Pero la llegada de combustible no está garantizada. Las sanciones estadounidenses han puesto bajo presión a cualquier país o empresa que suministre petróleo a Cuba, creando un clima de incertidumbre logística y diplomática. Los petroleros rusos navegan, literalmente, en un mar de amenazas económicas.

 

Mientras tanto, el Gobierno comunista cubano insiste en un discurso de firmeza frente a lo que califica como “guerra económica”. El presidente Miguel Díaz-Canel ha denunciado que Estados Unidos pretende “asfixiar” al país y advierte de que cualquier agresión externa encontrará una resistencia “inexpugnable”. 

 

Sin embargo, esa retórica choca con una realidad incómoda: la debilidad material del propio aparato militar. Informes recientes describen a las Fuerzas Armadas Revolucionarias como una estructura sostenida por equipamiento soviético envejecido, escaso mantenimiento y recursos limitados. Muchos vehículos, aviones y sistemas operan gracias a reparaciones improvisadas o piezas reutilizadas. 

 

La paradoja es evidente. Un Estado que invoca la defensa nacional como argumento político depende, al mismo tiempo, de cargamentos extranjeros para mantener encendidas sus centrales eléctricas y su economía básica. Sin combustible, ni siquiera la logística militar puede funcionar con normalidad.

 

En las calles, el malestar social crece. La escasez energética ha paralizado transportes, reducido la actividad económica y agravado el desabastecimiento general. Amplias zonas del país han sufrido apagones prolongados, con efectos devastadores sobre la vida cotidiana y la producción. 

 

Algunos apagones han alcanzado dimensiones históricas: millones de personas sin electricidad al mismo tiempo, redes eléctricas colapsadas y reservas de combustible prácticamente agotadas. 

 

Ese deterioro explica por qué cada petrolero rumbo a Cuba se convierte en una noticia nacional. No es solo un buque: es la posibilidad de que los autobuses vuelvan a circular, que los alimentos lleguen a los mercados, que los hospitales no dependan de generadores a punto de fallar.

 

Rusia aparece así como uno de los pocos aliados dispuestos a sostener a La Habana en plena tormenta energética. Moscú ya ha enviado combustible en otras ocasiones y mantiene un respaldo político explícito, aunque también ha tomado medidas de precaución, como la repatriación de turistas ante la falta de suministros en la isla.

 

Pero incluso si los tanqueros logran atracar sin incidentes, el alivio será temporal.
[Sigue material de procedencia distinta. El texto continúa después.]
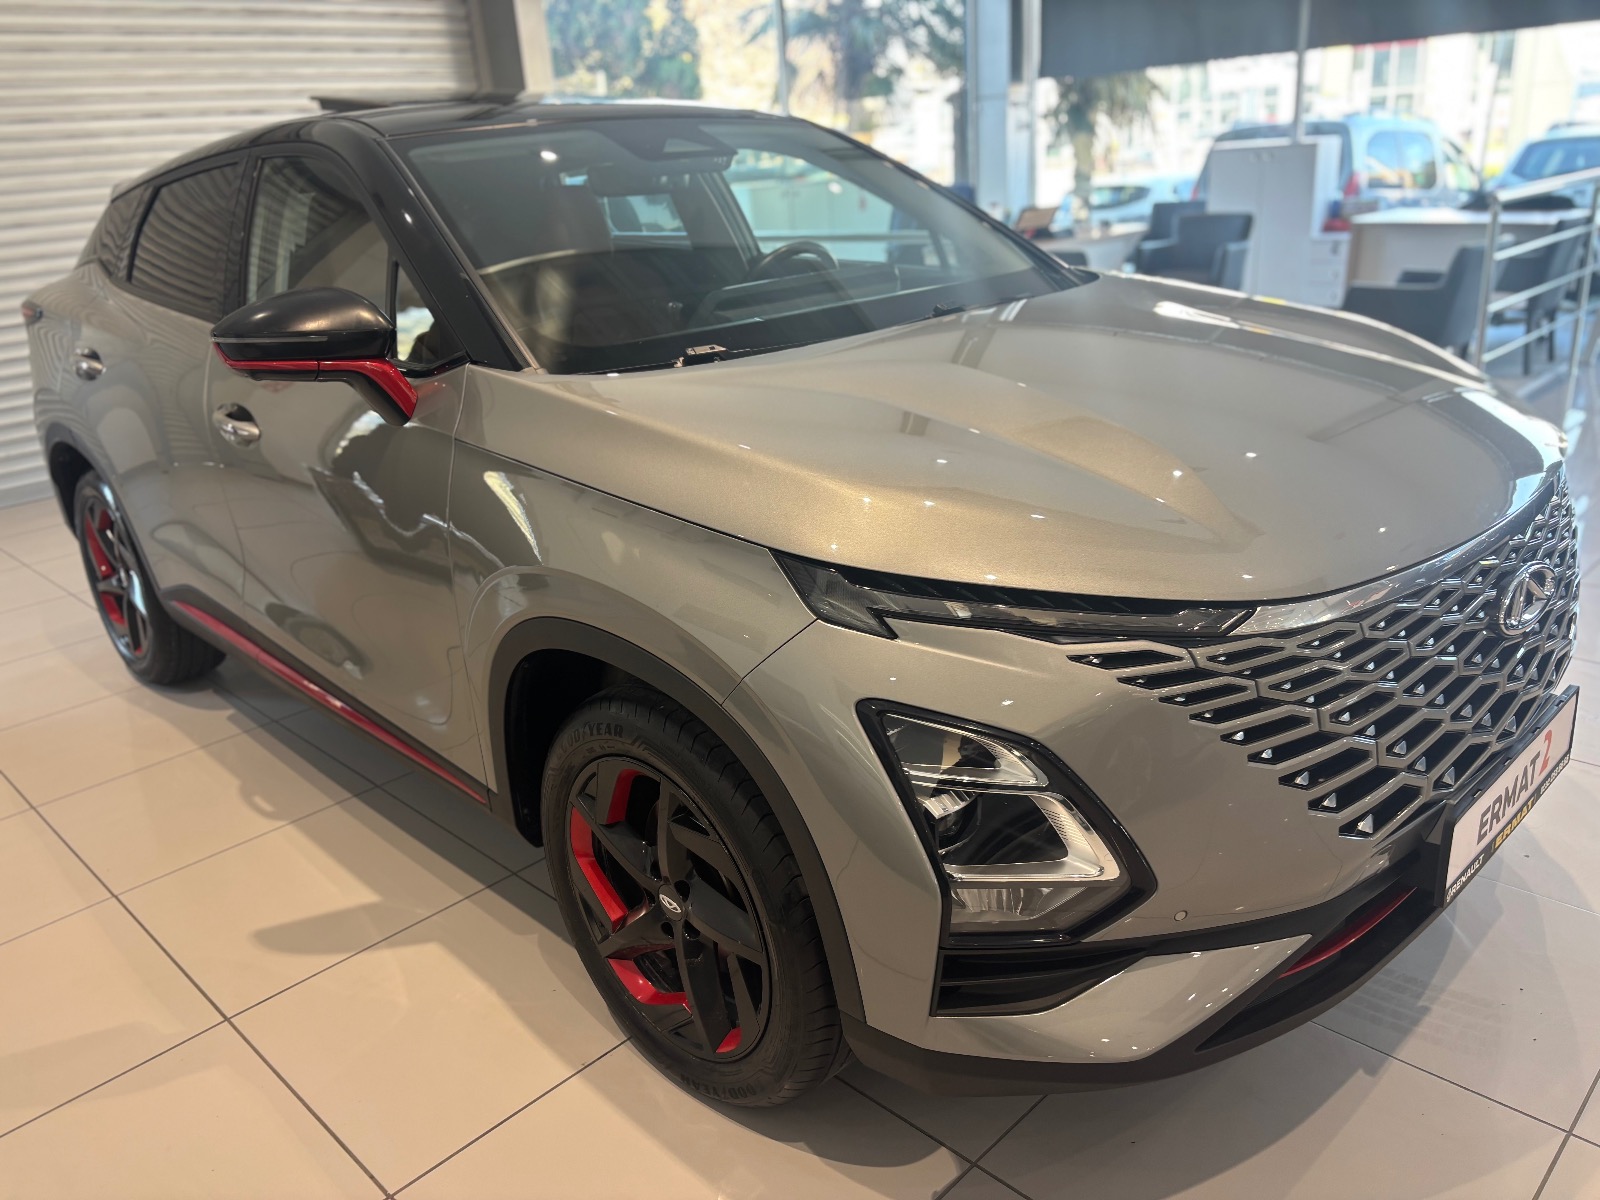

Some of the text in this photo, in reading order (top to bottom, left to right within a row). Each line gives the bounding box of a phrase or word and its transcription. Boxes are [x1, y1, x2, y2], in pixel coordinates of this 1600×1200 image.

[556, 721, 624, 758] OODYEAR
[1477, 729, 1552, 845] ERMAT 2
[1494, 799, 1536, 849] ERMAT
[1450, 853, 1485, 896] RENAULT
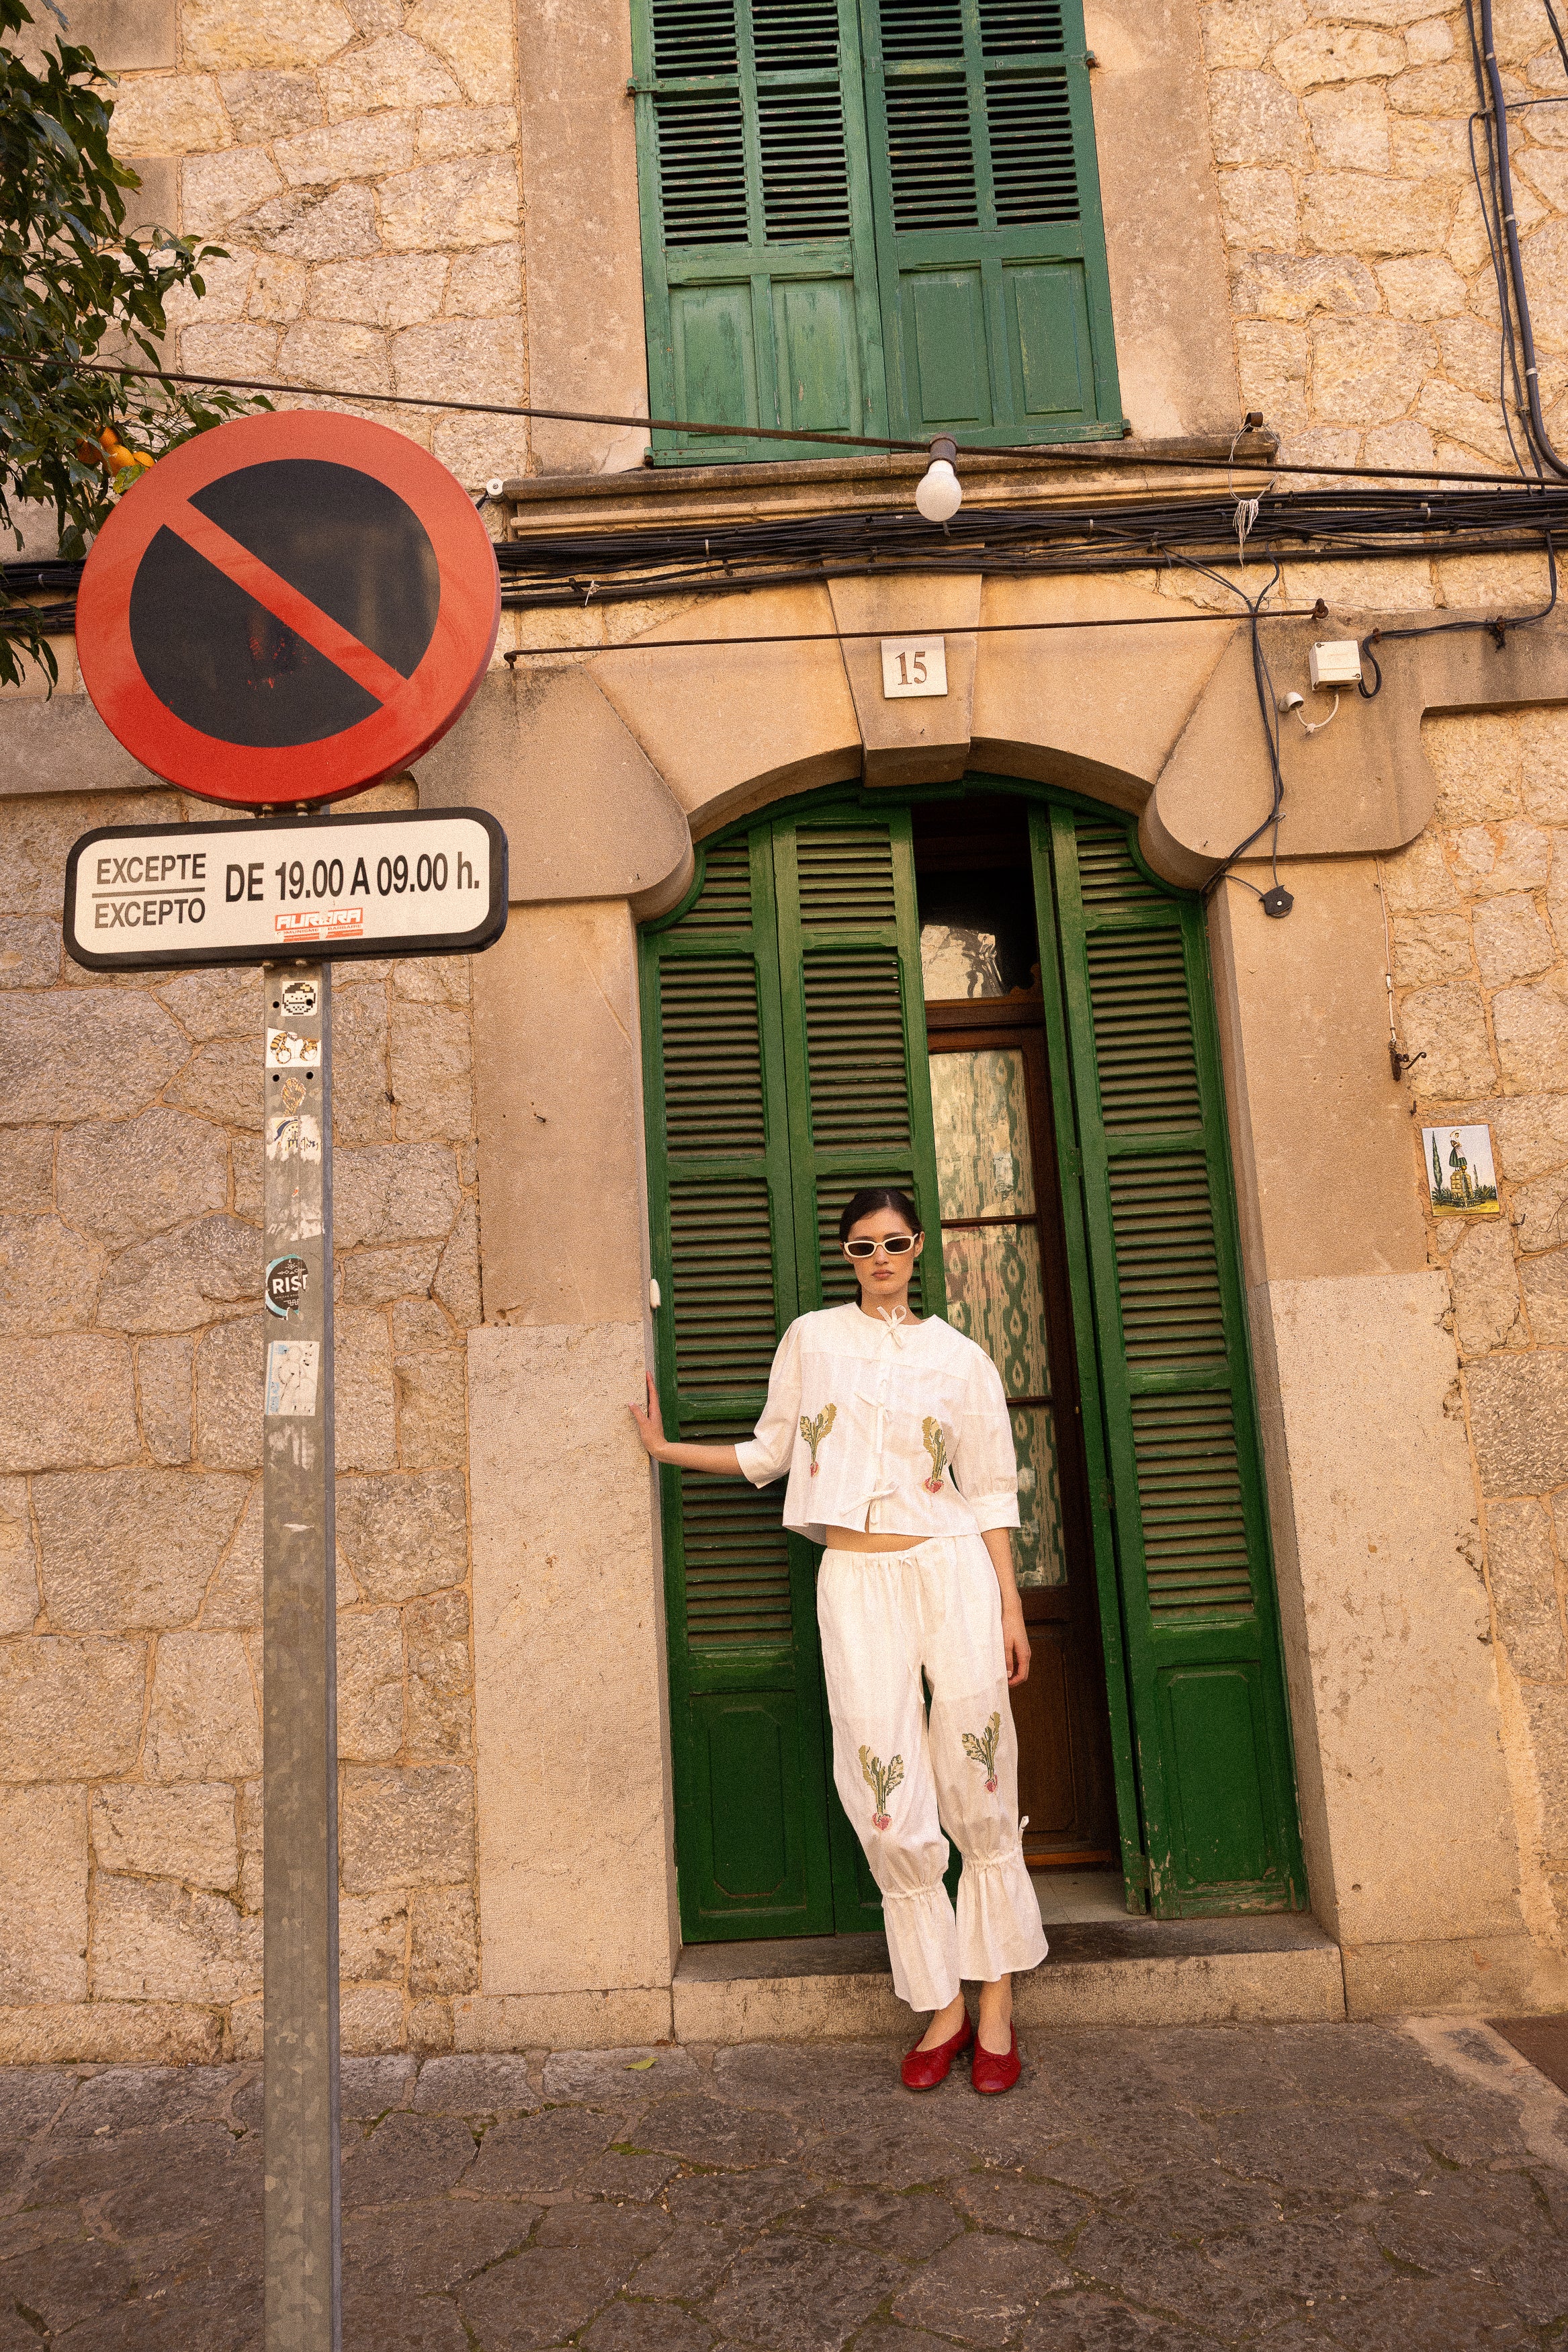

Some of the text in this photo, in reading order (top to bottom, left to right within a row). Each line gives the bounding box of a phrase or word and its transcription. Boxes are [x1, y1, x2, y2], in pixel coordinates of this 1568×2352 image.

[895, 651, 927, 685] 15
[97, 853, 206, 884] EXCEPTE
[226, 851, 480, 902] DE 19.00 A 09.00 h.
[95, 898, 206, 929] EXCEPTO
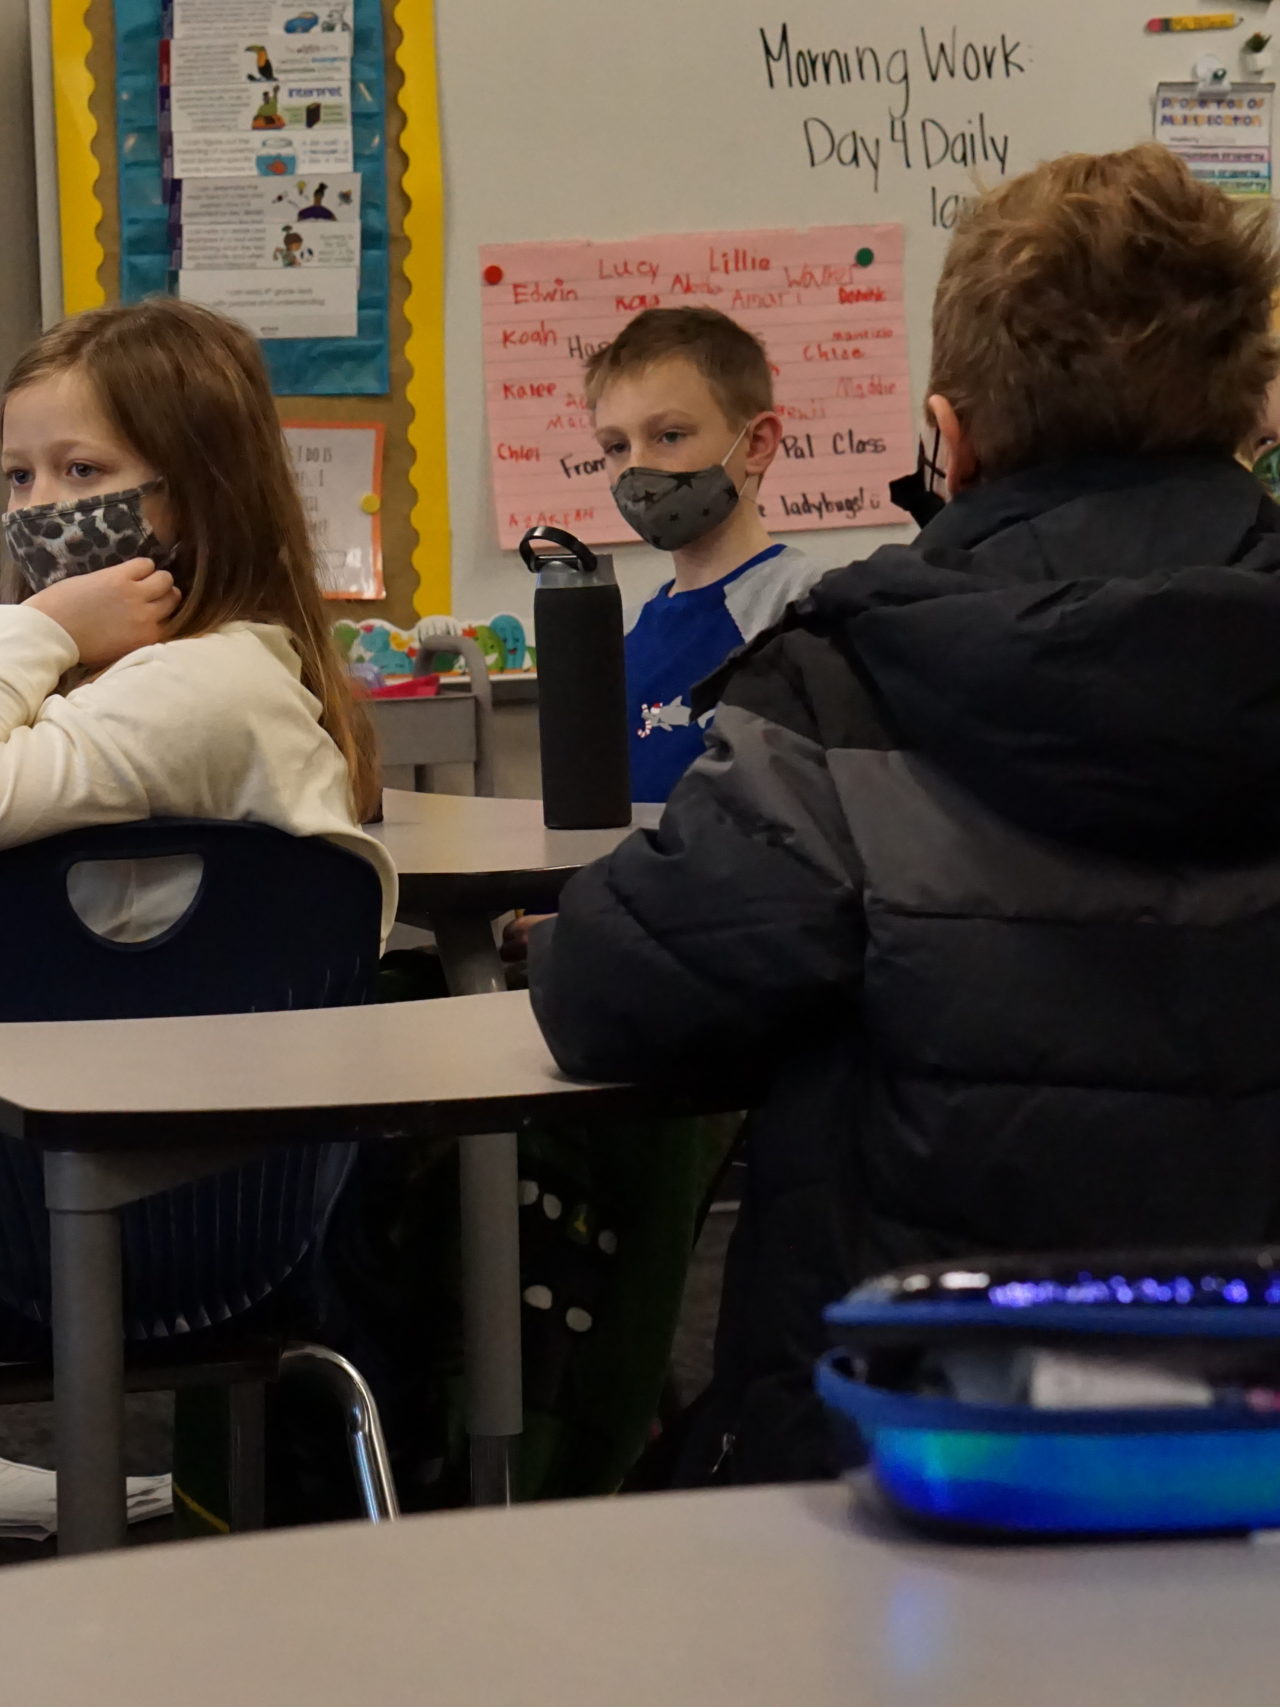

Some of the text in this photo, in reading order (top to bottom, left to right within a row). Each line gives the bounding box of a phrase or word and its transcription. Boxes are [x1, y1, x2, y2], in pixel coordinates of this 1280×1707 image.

[760, 22, 910, 120] Morning
[803, 112, 1009, 193] Day 4 Daily
[931, 186, 970, 230] la
[598, 258, 660, 285] Lucy
[709, 247, 772, 275] Lillie
[511, 278, 579, 305] Edwin
[780, 433, 815, 459] Pal
[832, 428, 887, 456] Class
La infraestructura energética cubana —obsoleta, mal mantenida y dependiente de importaciones— sigue siendo extremadamente vulnerable. Cada avería importante o interrupción del suministro puede devolver al país al punto de partida.

 

La escena final es casi cinematográfica: una nación entera mirando al mar, esperando que aparezca en el horizonte la silueta de un petrolero. No como símbolo de prosperidad, sino como último salvavidas antes del apagón definitivo.

 

Mientras tanto, el Gobierno promete resistencia, la población exige soluciones y el ejército —según muchos analistas— intenta sostener una narrativa de fortaleza con recursos cada vez más escasos.

 

Cuba, una vez más, vive suspendida entre dos fuerzas: la política y la necesidad elemental de energía. Y en esa tensión, cada barco que se acerca a sus costas decide, aunque sea por unos días, si el país respira… o vuelve a quedarse a oscuras.